Some thoughts on the Shamrock of our well-loved Saint; Pádraig, Patrick or Paddy!

Not a lot has been documented of the life of St Patrick, other than many legends associated with the places to which he is alleged to have travelled, but that doesn’t stop his name being celebrated across the globe 17 centuries after his heyday.

He was reputed to have been sent by Rome to refute the heresy of the 4th century monk, Pelagius- who was reported to have been a large and proud man of ‘goliath’ sized proportions and to have:

“Walked at the pace of a turtle, having being made heavy by Scottish porridge” ~ Haha!

A pilgrimage is made to the Saint every year on the 31st July to a mountain where it is said St Patrick spent the whole of lent (in County Mayo). There a ceremony is performed and the hymn, ‘The breastplate of St Patrick’ recited for protection. The ceremony uses the Celtic tradition of Caim a sacred circle of protection said to contain the power of god.

He has strong connections with both Scotland and Ireland, and ‘battled’ against the Picts in early Scottish Christianity. He was clearly liked enough by the Scots to have numerous sacred sites and places named after him, although is best known as the Patron Saint of Ireland.

The Shamrock of St Patrick?

The Trifolium (clover) species are typically 3-leaved, and because of this, were said to represent the Christian Holy Trinity. St. Patrick is often depicted as holding the ‘shamrock’ in his left hand while preaching (presumably about the Holy Trinity) and is said to have driven the ‘snakes’ (heathen religions) out of Ireland with a ‘cross in one hand and a bunch of shamrocks in the other’

The word Trifolium itself means ‘three-leaved’ and it is believed that the shape is similar to a pre-Christian Celtic symbol, the triskele- later adopted by the Christian church to represent the Holy Trinity.

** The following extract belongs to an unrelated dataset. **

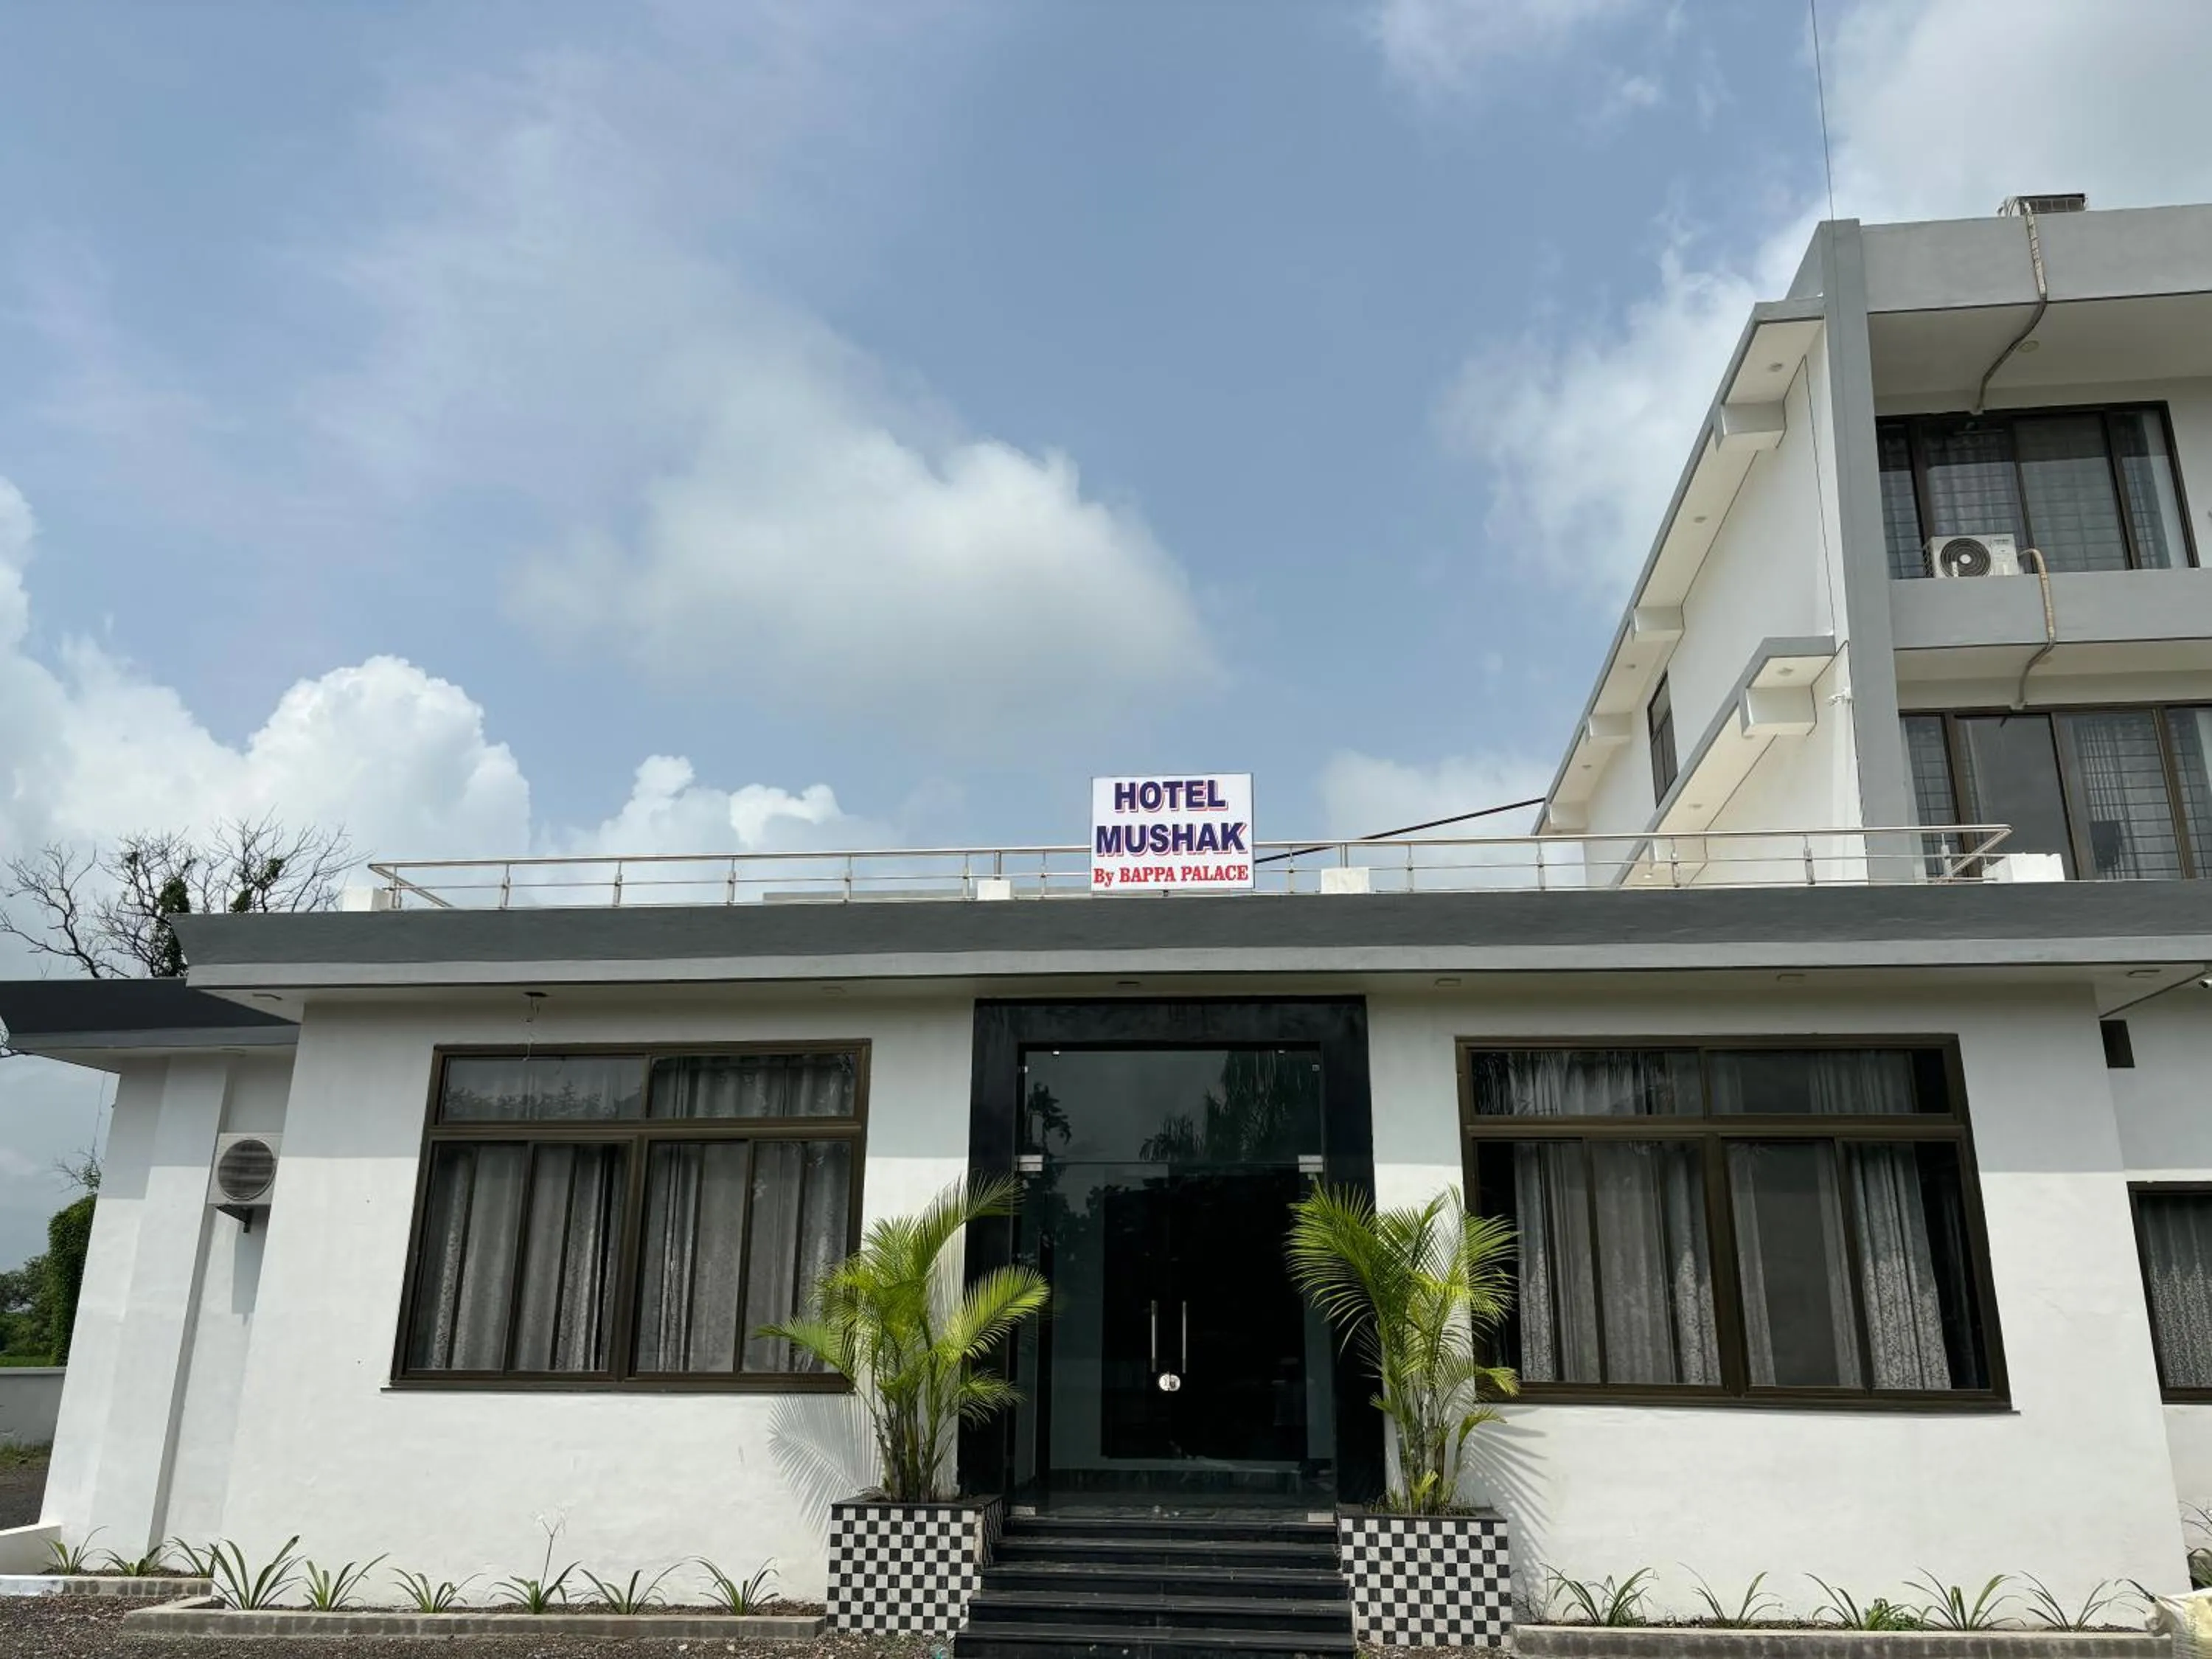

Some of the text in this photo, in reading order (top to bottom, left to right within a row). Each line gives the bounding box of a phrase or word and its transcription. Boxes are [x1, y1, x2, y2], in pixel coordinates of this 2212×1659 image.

[1114, 779, 1228, 813] HOTEL
[1096, 822, 1248, 857] MUSHAK
[1093, 865, 1248, 887] By BAPPA PALACE

Carving of a triskele at Newgrange, Ireland

To this day, it is commonly believed that the Lesser Clover (seamer bhuí) is the shamrock associated with St. Patrick. However, in the 16th Century, before the first artistic depictions of St Patrick and the shamrock, Gerard reports that the species Trifolium pratense, was the shamrock of the Irish- meaning the red and white clover, commonly known as ‘three-leaved grass’.

Trifolium pratense - Red Clover, may have been the original shamrock of St Patrick!

Perhaps this clover is more fitting of a Saint who is reported to have ‘performed a thousand miracles’ and who’s prayer was recited by the infirm and suffering of any ailment. As this particular plant has a strong history of medicinal use in both Irish and Scottish tradition.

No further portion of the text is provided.